*** Opening of PROVIDED RECORDS ***

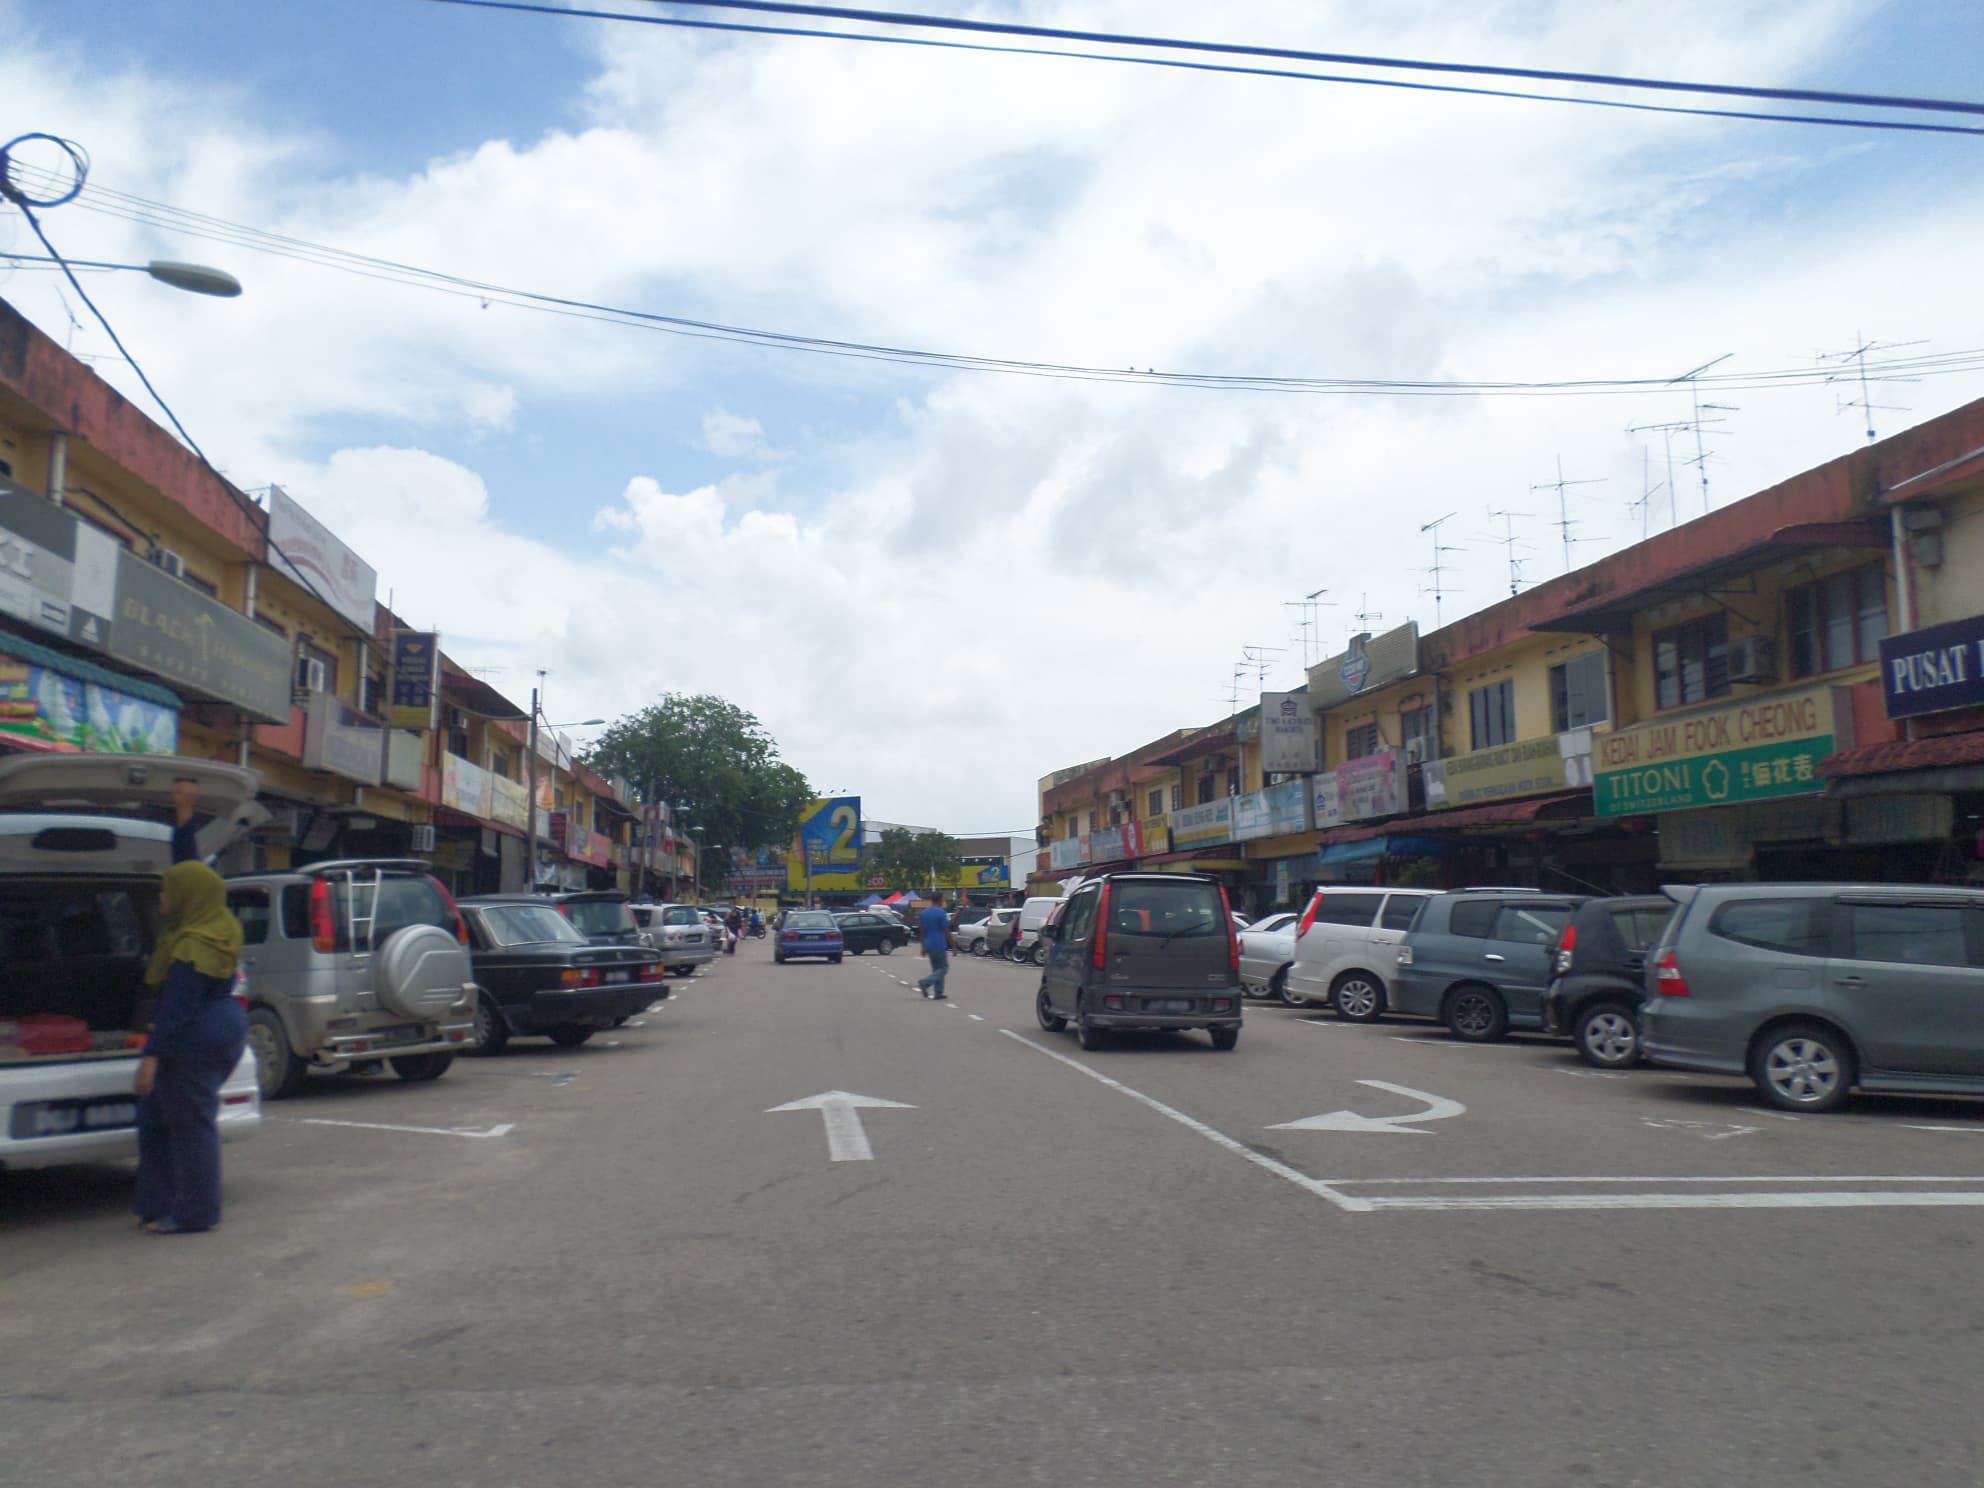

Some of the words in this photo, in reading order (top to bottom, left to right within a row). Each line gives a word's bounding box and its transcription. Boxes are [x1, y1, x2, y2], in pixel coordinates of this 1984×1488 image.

[1891, 644, 1968, 694] PUSAT
[1600, 733, 1639, 767] KEDAI
[1649, 726, 1677, 759] JAM
[1684, 715, 1731, 751] FOOK
[1739, 697, 1817, 742] CHEONG
[1608, 764, 1692, 799] TITONI
[830, 805, 858, 863] 2
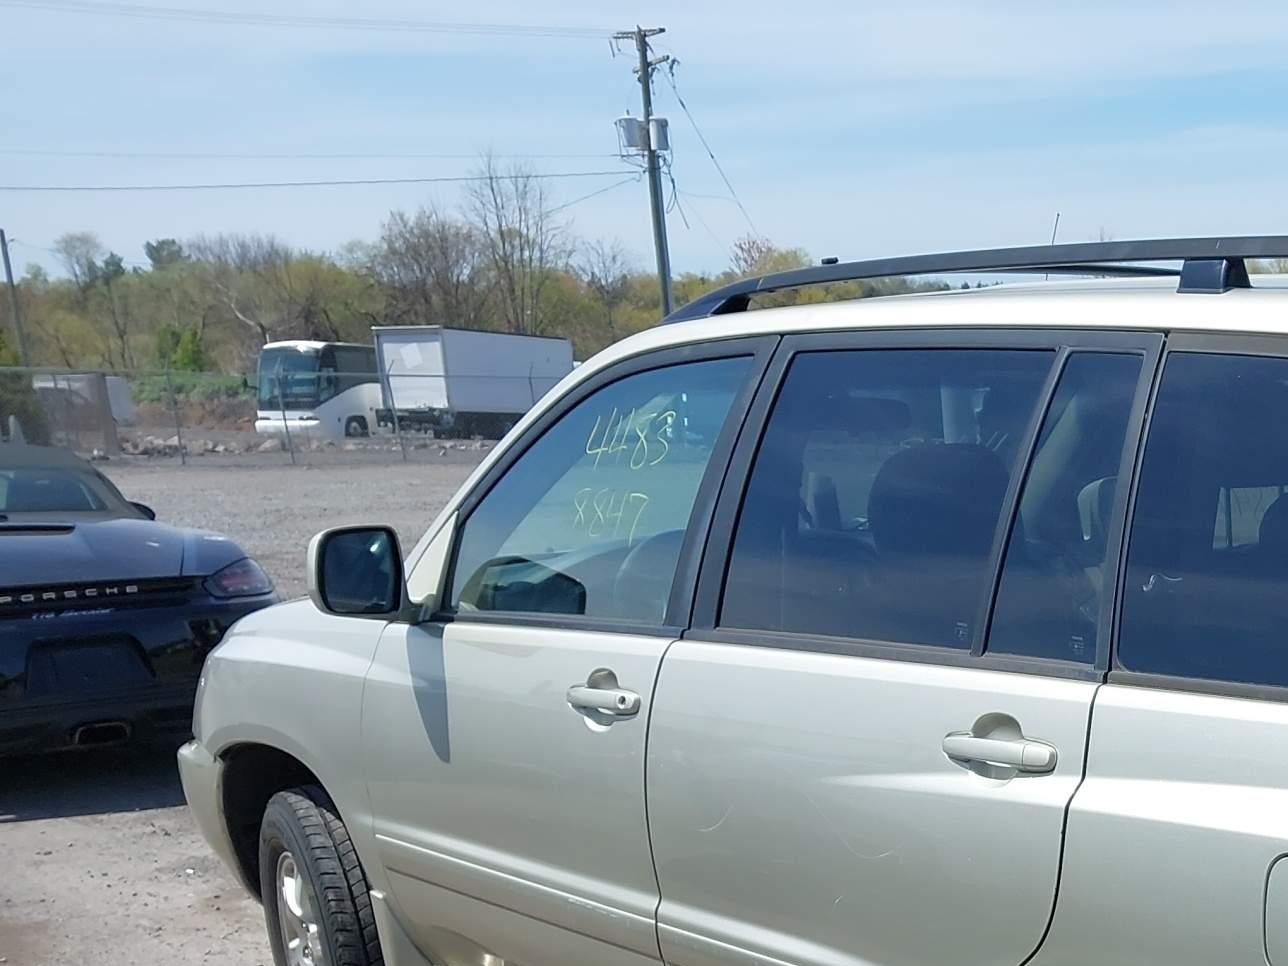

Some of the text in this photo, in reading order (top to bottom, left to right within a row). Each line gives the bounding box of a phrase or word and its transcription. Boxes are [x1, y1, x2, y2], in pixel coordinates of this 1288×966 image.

[585, 407, 677, 472] 4483
[572, 487, 650, 549] 8847
[0, 584, 139, 604] PORSCHE

*** Close of PROVIDED RECORDS ***

Retype, without changes, the lines from the line holding "Some of the text" to the end of the data, both ends included.

Some of the text in this photo, in reading order (top to bottom, left to right within a row). Each line gives the bounding box of a phrase or word and its transcription. Boxes are [x1, y1, x2, y2], in pixel coordinates of this 1288×966 image.

[585, 407, 677, 472] 4483
[572, 487, 650, 549] 8847
[0, 584, 139, 604] PORSCHE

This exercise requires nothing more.